Caprin-1 is a ubiquitously expressed, well-conserved cytoplasmic phosphoprotein that is needed for normal progression through the G(1)-S phase of the cell cycle and occurs in postsynaptic granules in dendrites of neurons. We demonstrate that Caprin-1 colocalizes with RasGAP SH3 domain binding protein-1 (G3BP-1) in cytoplasmic RNA granules associated with microtubules and concentrated in the leading and trailing edge of migrating cells. Caprin-1 exhibits a highly conserved motif, F(M/I/L)Q(D/E)Sx(I/L)D that binds to the NTF-2-like domain of G3BP-1. The carboxy-terminal region of Caprin-1 selectively bound mRNA for c-Myc or cyclin D2, this binding being diminished by mutation of the three RGG motifs and abolished by deletion of the RGG-rich region. Overexpression of Caprin-1 induced phosphorylation of eukaryotic translation initiation factor 2 alpha (eIF-2 alpha) through a mechanism that depended on its ability to bind mRNA, resulting in global inhibition of protein synthesis. However, cells lacking Caprin-1 exhibited no changes in global rates of protein synthesis, suggesting that physiologically, the effects of Caprin-1 on translation were limited to restricted subsets of mRNAs.

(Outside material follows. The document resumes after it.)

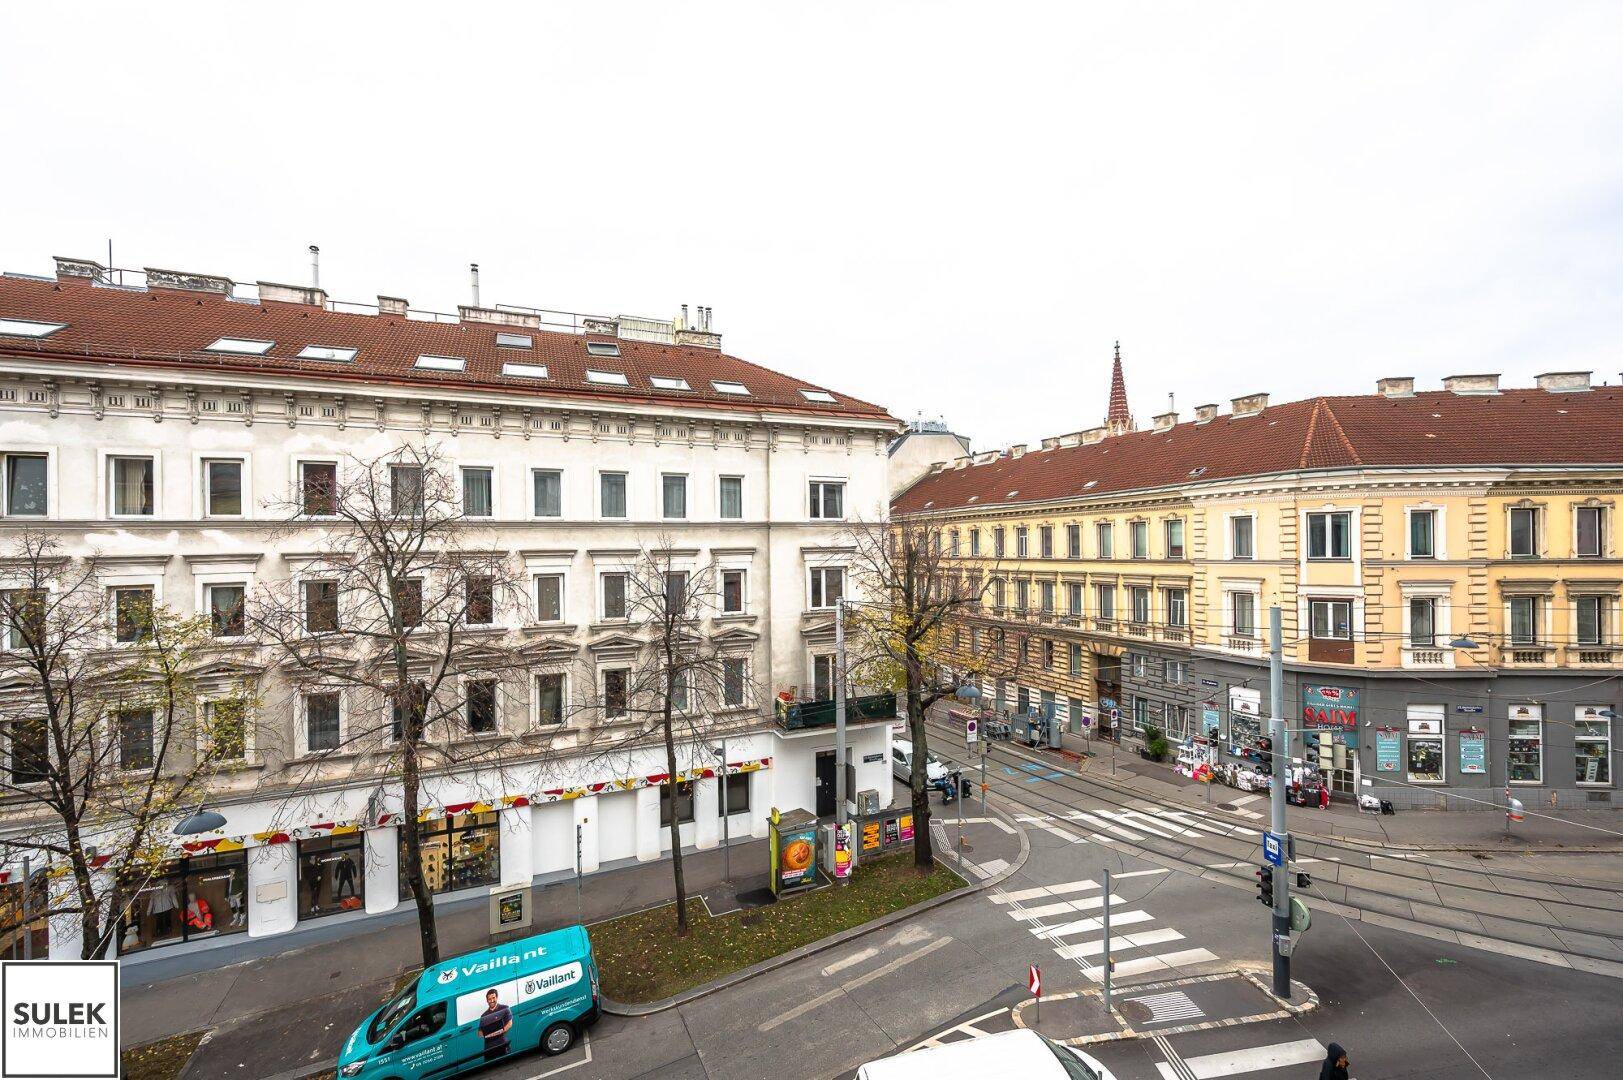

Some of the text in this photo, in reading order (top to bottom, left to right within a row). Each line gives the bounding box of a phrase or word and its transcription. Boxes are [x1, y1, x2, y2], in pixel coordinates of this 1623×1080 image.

Overexpression of Caprin-1 induced the formation of cytoplasmic stress granules (SG). Its ability to bind RNA was required to induce SG formation but not necessarily its ability to enter SG. The ability of Caprin-1 or G3BP-1 to induce SG formation or enter them did not depend on their association with each other. The Caprin-1/G3BP-1 complex is likely to regulate the transport and translation of mRNAs of proteins involved with synaptic plasticity in neurons and cellular proliferation and migration in multiple cell types.